The Study addresses four underlying issues common to all countries of the Western Balkans: incomplete transitional justice processes; incomplete security sector reforms; constitutionally or otherwise embedded solutions that propel an illiberal politicization of ethnicities; and internationally led or sponsored processes that may serve short-term goals, but are implemented in a way that undermines the separation of powers, strengthening of independent institutions and decision-making processes in already poorly governed countries of the Region.

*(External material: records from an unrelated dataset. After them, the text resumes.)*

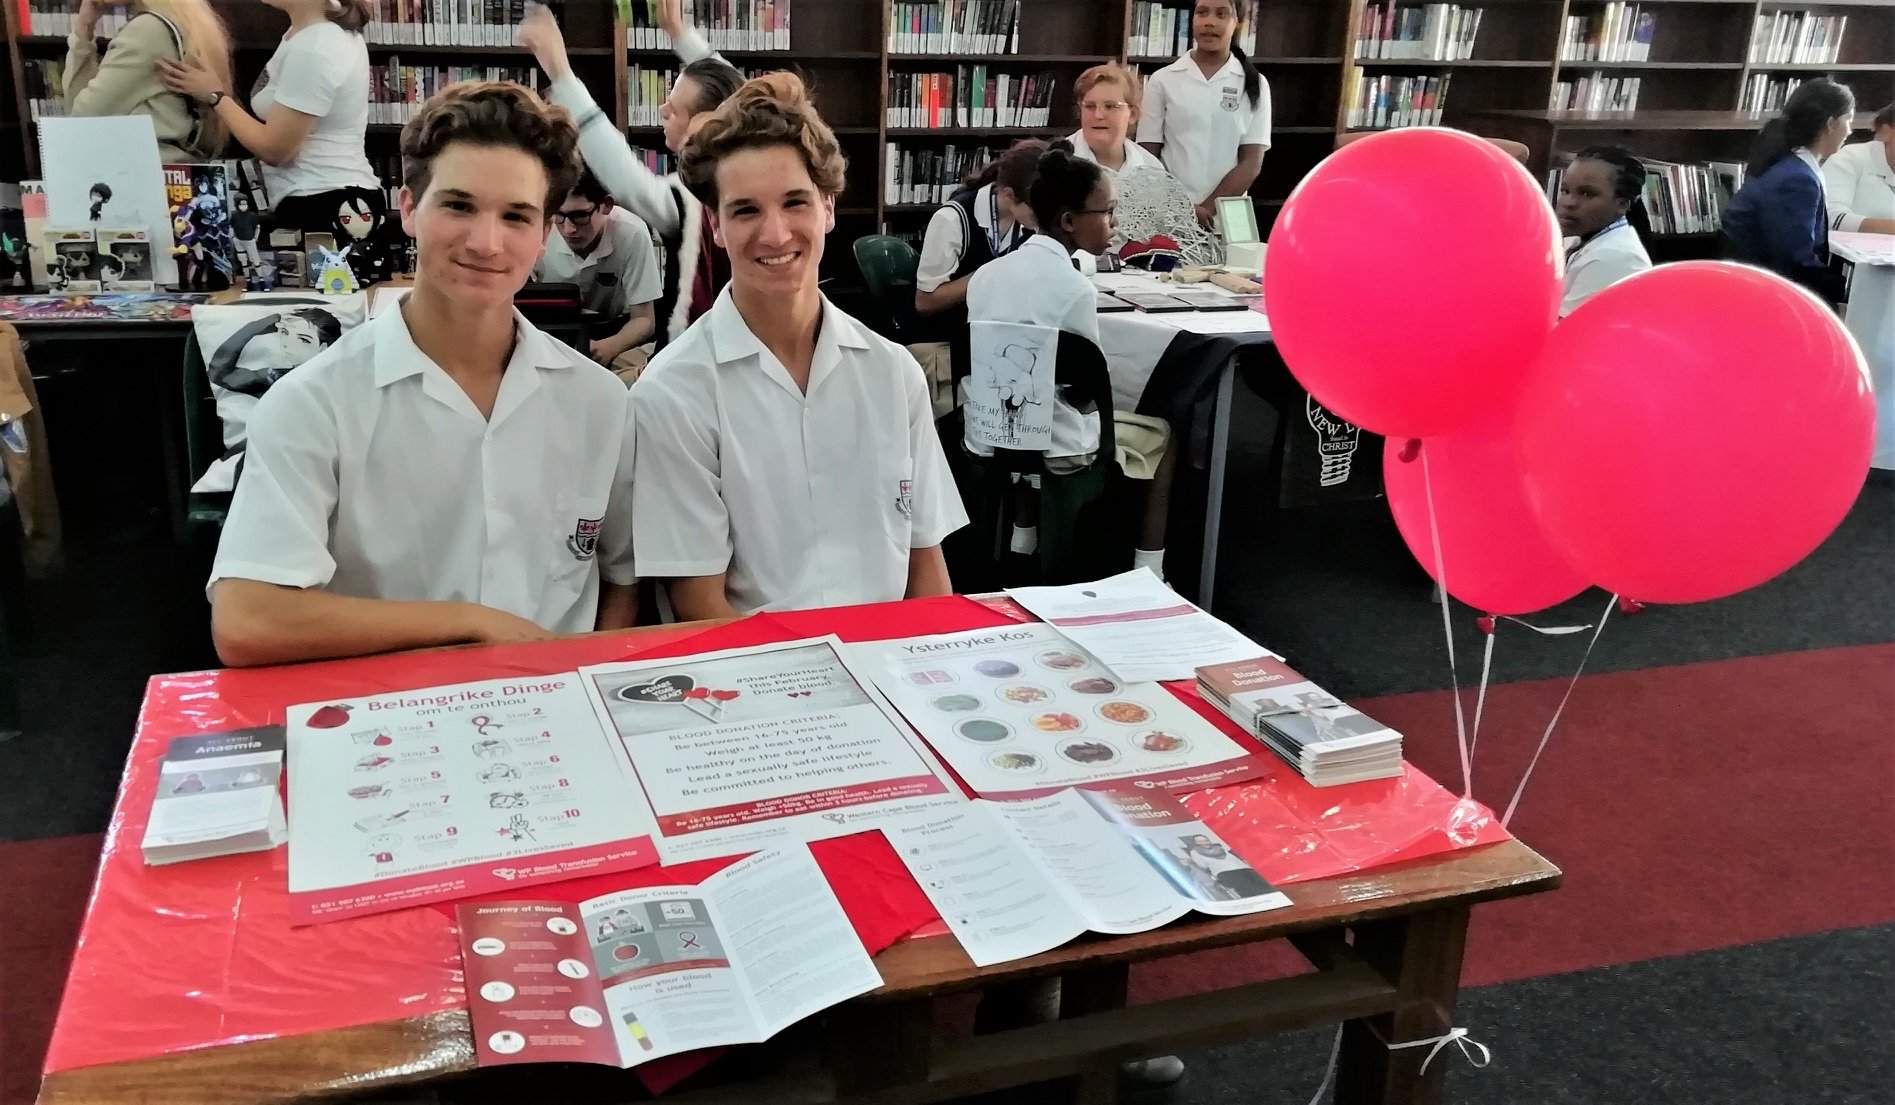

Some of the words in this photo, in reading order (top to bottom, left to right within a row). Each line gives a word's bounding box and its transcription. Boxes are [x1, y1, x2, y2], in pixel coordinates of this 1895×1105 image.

[1310, 406, 1342, 436] NEW
[1321, 441, 1356, 451] CHRIST
[902, 637, 995, 654] Ysterryke
[999, 631, 1034, 642] Kos
[736, 665, 835, 684] #ShareYourHeart
[1232, 669, 1267, 679] Blood
[750, 679, 773, 689] this
[1232, 675, 1284, 687] Donation
[368, 689, 494, 711] Belangrike
[502, 681, 566, 697] Dinge
[752, 685, 796, 696] Donate
[416, 707, 441, 716] om
[448, 704, 464, 713] te
[470, 697, 527, 711] onthou
[532, 707, 542, 715] 2
[540, 730, 551, 738] 4
[668, 729, 712, 741] BLOOD
[715, 720, 779, 736] DONATION
[674, 743, 691, 751] Be
[694, 735, 750, 749] between
[793, 726, 827, 737] years
[829, 721, 848, 729] old
[195, 741, 262, 753] Anaemia
[429, 745, 440, 754] 3
[705, 746, 744, 758] Weigh
[764, 738, 796, 748] least
[798, 734, 814, 742] 50
[816, 733, 832, 743] kg
[549, 754, 560, 764] 6
[686, 758, 735, 772] healthy
[760, 751, 781, 760] the
[785, 747, 806, 758] day
[809, 744, 825, 752] of
[827, 737, 881, 749] donation
[688, 773, 721, 783] Lead
[736, 762, 789, 776] sexually
[792, 756, 818, 767] safe
[821, 750, 873, 763] lifestyle
[430, 770, 441, 779] 5
[558, 777, 570, 787] 8
[682, 788, 698, 797] Be
[703, 776, 775, 793] committed
[796, 765, 844, 779] helping
[440, 794, 451, 803] 7
[756, 798, 783, 808] BLOOD
[563, 808, 581, 819] 10
[714, 812, 735, 822] years
[446, 826, 458, 836] 9
[606, 850, 638, 862] Service
[476, 906, 519, 914] Journey
[534, 905, 563, 913] Blood

Regional experts, including Garcevic, put together case studies of their respective countries, that focused on security sector reforms’ issues, current state of affairs of Euro-Atlantic integration processes of their countries and key challenges to them. During his diplomatic career, Amb. Vesko Garcevic dealt with issues pertinent to European security and NATO for almost 14 years. In 2004, he was posted in Vienna to serve as Ambassador to Organization for Security and Cooperation in Europe. He had been a Montenegro’s Ambassador to NATO from 2010 until 2014 and served as a Montenegro’s National Coordinator for NATO from 2015 until he joined the faculty at the Pardee School.
In general, the Study argues that those issues could in the end, if not properly addressed, bring the process of the democratization of the Region and its deeper integration into Euro-Atlantic structures to a halt. Furthermore, all these issues create a fertile ground for non-democratic and hostile hybrid and conventional obstructive actions conducted by state or non-state actors.